### EXERCISE INPUTS
————————
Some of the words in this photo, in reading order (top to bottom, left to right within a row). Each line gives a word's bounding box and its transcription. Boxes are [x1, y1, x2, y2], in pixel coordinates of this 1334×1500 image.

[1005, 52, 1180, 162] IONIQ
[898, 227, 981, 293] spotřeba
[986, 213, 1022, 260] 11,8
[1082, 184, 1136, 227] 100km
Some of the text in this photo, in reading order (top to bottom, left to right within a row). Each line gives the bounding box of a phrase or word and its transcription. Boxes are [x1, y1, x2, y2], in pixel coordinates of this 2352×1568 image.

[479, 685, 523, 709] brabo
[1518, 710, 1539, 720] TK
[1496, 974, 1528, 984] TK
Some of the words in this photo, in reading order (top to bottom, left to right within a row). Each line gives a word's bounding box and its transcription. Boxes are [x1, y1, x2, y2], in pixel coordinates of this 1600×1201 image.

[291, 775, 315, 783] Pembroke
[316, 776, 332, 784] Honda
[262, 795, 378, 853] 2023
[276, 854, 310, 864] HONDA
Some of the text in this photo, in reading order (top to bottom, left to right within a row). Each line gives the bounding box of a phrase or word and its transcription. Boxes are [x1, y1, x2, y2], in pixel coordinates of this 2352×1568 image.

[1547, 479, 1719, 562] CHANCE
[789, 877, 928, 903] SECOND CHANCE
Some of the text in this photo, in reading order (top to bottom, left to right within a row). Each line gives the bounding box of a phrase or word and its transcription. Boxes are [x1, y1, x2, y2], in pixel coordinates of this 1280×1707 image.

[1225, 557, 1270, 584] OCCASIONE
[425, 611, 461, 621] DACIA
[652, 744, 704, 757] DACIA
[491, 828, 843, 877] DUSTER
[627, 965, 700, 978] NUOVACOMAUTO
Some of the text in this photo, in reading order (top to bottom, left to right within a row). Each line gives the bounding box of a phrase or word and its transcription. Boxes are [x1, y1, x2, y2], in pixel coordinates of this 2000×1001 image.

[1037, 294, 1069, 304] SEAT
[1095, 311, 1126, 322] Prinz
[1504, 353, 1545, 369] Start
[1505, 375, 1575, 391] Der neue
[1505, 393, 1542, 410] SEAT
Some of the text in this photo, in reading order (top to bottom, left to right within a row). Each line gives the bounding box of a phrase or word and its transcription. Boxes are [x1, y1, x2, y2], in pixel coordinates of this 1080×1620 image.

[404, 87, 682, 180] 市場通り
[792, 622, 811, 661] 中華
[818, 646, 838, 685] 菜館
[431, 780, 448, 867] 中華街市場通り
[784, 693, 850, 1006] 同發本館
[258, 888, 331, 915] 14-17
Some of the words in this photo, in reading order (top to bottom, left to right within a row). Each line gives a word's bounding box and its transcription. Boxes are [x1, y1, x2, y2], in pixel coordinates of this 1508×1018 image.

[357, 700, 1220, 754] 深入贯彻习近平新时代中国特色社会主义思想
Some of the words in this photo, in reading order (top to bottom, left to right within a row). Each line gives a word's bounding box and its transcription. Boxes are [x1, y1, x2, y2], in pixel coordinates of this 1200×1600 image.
————————
### WORK REQUIRED
Give the data again, unchanged in every line.

### YOUR SOLUTION
Some of the words in this photo, in reading order (top to bottom, left to right within a row). Each line gives a word's bounding box and its transcription. Boxes are [x1, y1, x2, y2], in pixel coordinates of this 1334×1500 image.

[1005, 52, 1180, 162] IONIQ
[898, 227, 981, 293] spotřeba
[986, 213, 1022, 260] 11,8
[1082, 184, 1136, 227] 100km
Some of the text in this photo, in reading order (top to bottom, left to right within a row). Each line gives the bounding box of a phrase or word and its transcription. Boxes are [x1, y1, x2, y2], in pixel coordinates of this 2352×1568 image.

[479, 685, 523, 709] brabo
[1518, 710, 1539, 720] TK
[1496, 974, 1528, 984] TK
Some of the words in this photo, in reading order (top to bottom, left to right within a row). Each line gives a word's bounding box and its transcription. Boxes are [x1, y1, x2, y2], in pixel coordinates of this 1600×1201 image.

[291, 775, 315, 783] Pembroke
[316, 776, 332, 784] Honda
[262, 795, 378, 853] 2023
[276, 854, 310, 864] HONDA
Some of the text in this photo, in reading order (top to bottom, left to right within a row). Each line gives the bounding box of a phrase or word and its transcription. Boxes are [x1, y1, x2, y2], in pixel coordinates of this 2352×1568 image.

[1547, 479, 1719, 562] CHANCE
[789, 877, 928, 903] SECOND CHANCE
Some of the text in this photo, in reading order (top to bottom, left to right within a row). Each line gives the bounding box of a phrase or word and its transcription. Boxes are [x1, y1, x2, y2], in pixel coordinates of this 1280×1707 image.

[1225, 557, 1270, 584] OCCASIONE
[425, 611, 461, 621] DACIA
[652, 744, 704, 757] DACIA
[491, 828, 843, 877] DUSTER
[627, 965, 700, 978] NUOVACOMAUTO
Some of the text in this photo, in reading order (top to bottom, left to right within a row). Each line gives the bounding box of a phrase or word and its transcription. Boxes are [x1, y1, x2, y2], in pixel coordinates of this 2000×1001 image.

[1037, 294, 1069, 304] SEAT
[1095, 311, 1126, 322] Prinz
[1504, 353, 1545, 369] Start
[1505, 375, 1575, 391] Der neue
[1505, 393, 1542, 410] SEAT
Some of the text in this photo, in reading order (top to bottom, left to right within a row). Each line gives the bounding box of a phrase or word and its transcription. Boxes are [x1, y1, x2, y2], in pixel coordinates of this 1080×1620 image.

[404, 87, 682, 180] 市場通り
[792, 622, 811, 661] 中華
[818, 646, 838, 685] 菜館
[431, 780, 448, 867] 中華街市場通り
[784, 693, 850, 1006] 同發本館
[258, 888, 331, 915] 14-17
Some of the words in this photo, in reading order (top to bottom, left to right within a row). Each line gives a word's bounding box and its transcription. Boxes are [x1, y1, x2, y2], in pixel coordinates of this 1508×1018 image.

[357, 700, 1220, 754] 深入贯彻习近平新时代中国特色社会主义思想
Some of the words in this photo, in reading order (top to bottom, left to right within a row). Each line gives a word's bounding box and its transcription. Boxes are [x1, y1, x2, y2], in pixel coordinates of this 1200×1600 image.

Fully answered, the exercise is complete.